(Stored data entries)
....
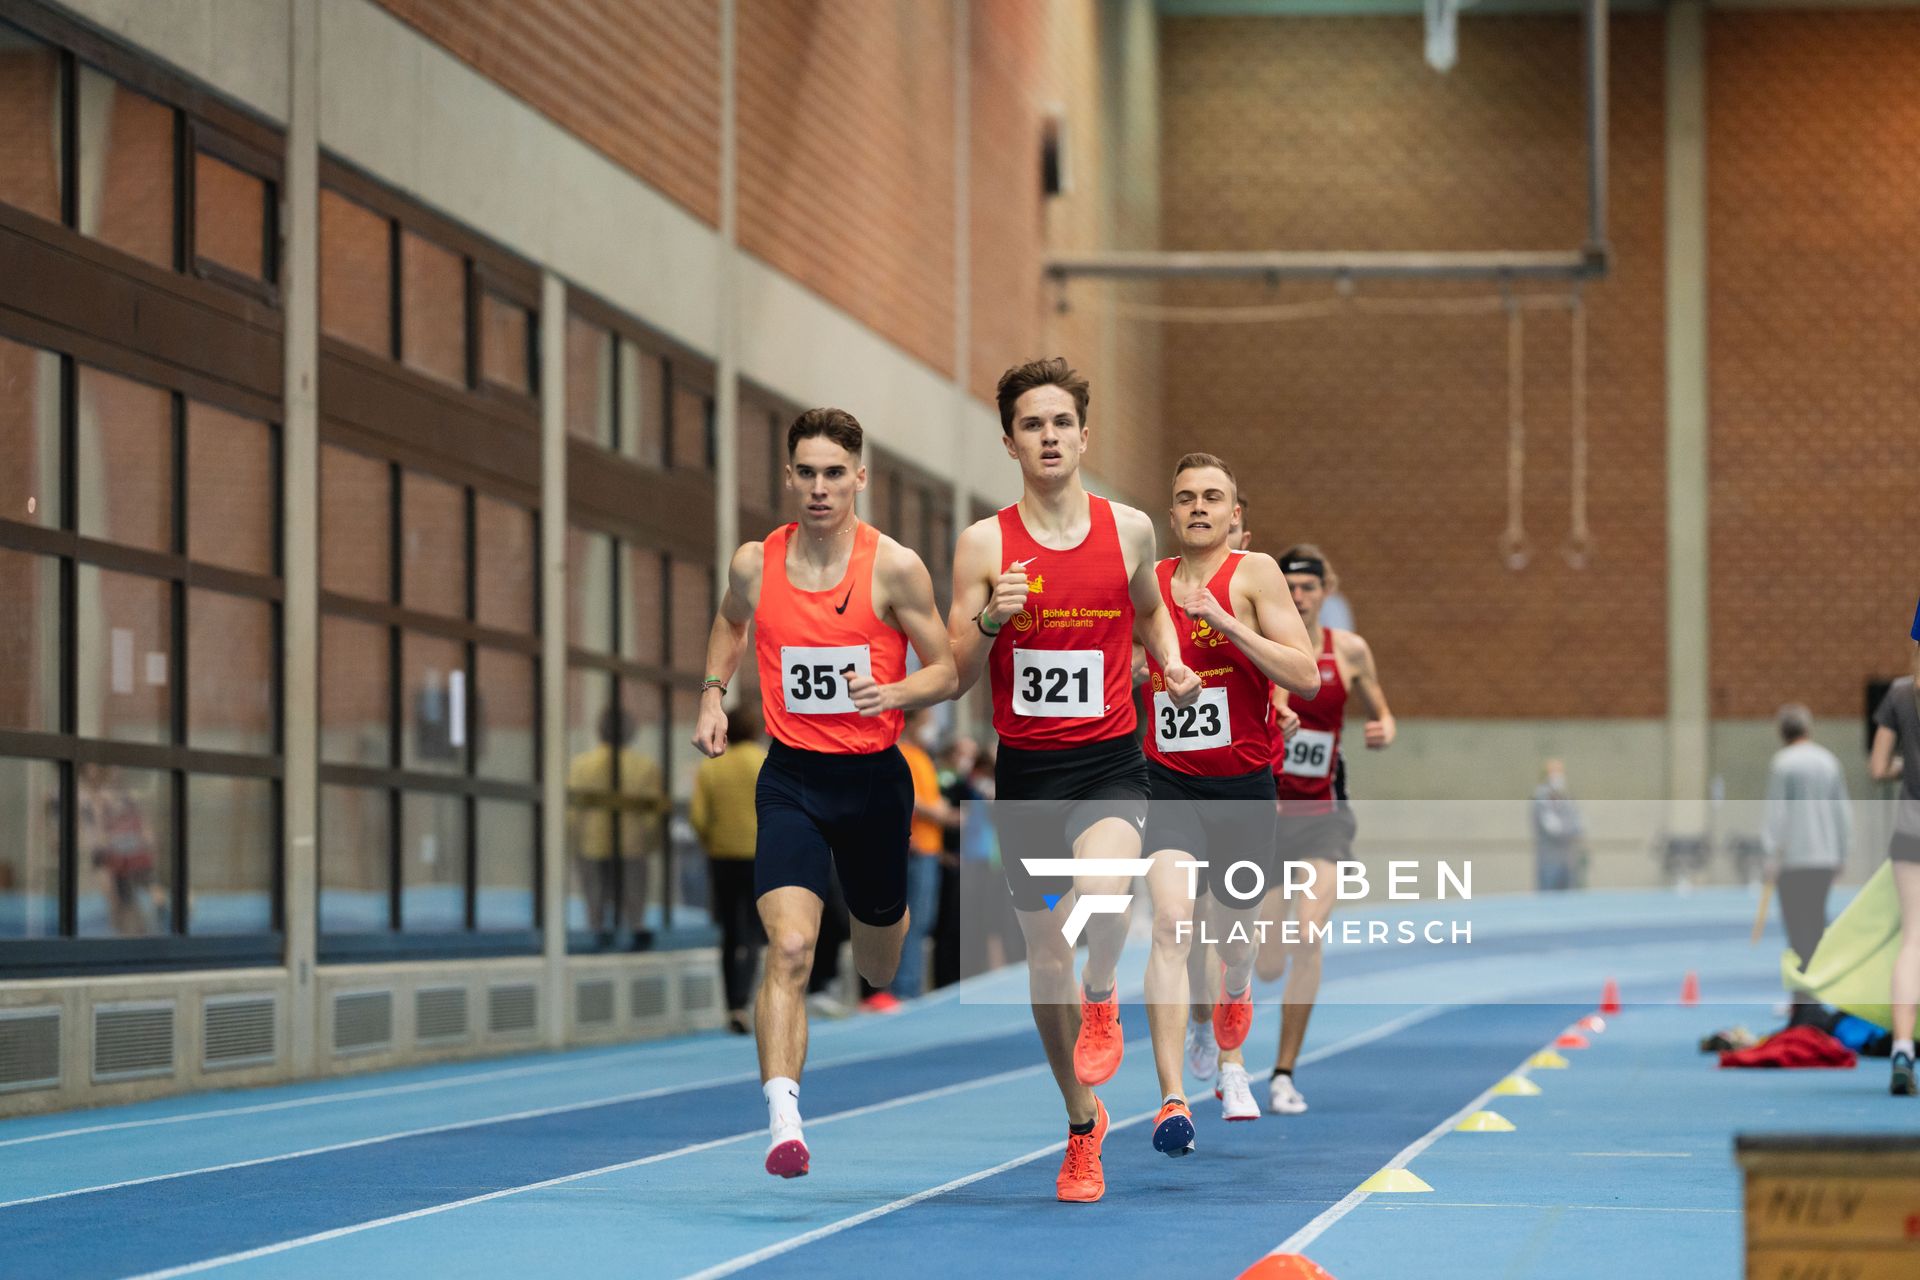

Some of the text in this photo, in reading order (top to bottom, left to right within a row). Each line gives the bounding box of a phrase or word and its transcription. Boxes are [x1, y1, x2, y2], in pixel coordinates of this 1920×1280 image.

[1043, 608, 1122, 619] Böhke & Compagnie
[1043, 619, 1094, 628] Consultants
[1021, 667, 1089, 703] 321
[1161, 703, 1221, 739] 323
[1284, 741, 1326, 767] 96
....
[Task prompt]: Go through the records above and write out every line exactly, passing over the pictures.

[Response]:
Some of the text in this photo, in reading order (top to bottom, left to right within a row). Each line gives the bounding box of a phrase or word and its transcription. Boxes are [x1, y1, x2, y2], in pixel coordinates of this 1920×1280 image.

[1043, 608, 1122, 619] Böhke & Compagnie
[1043, 619, 1094, 628] Consultants
[1021, 667, 1089, 703] 321
[1161, 703, 1221, 739] 323
[1284, 741, 1326, 767] 96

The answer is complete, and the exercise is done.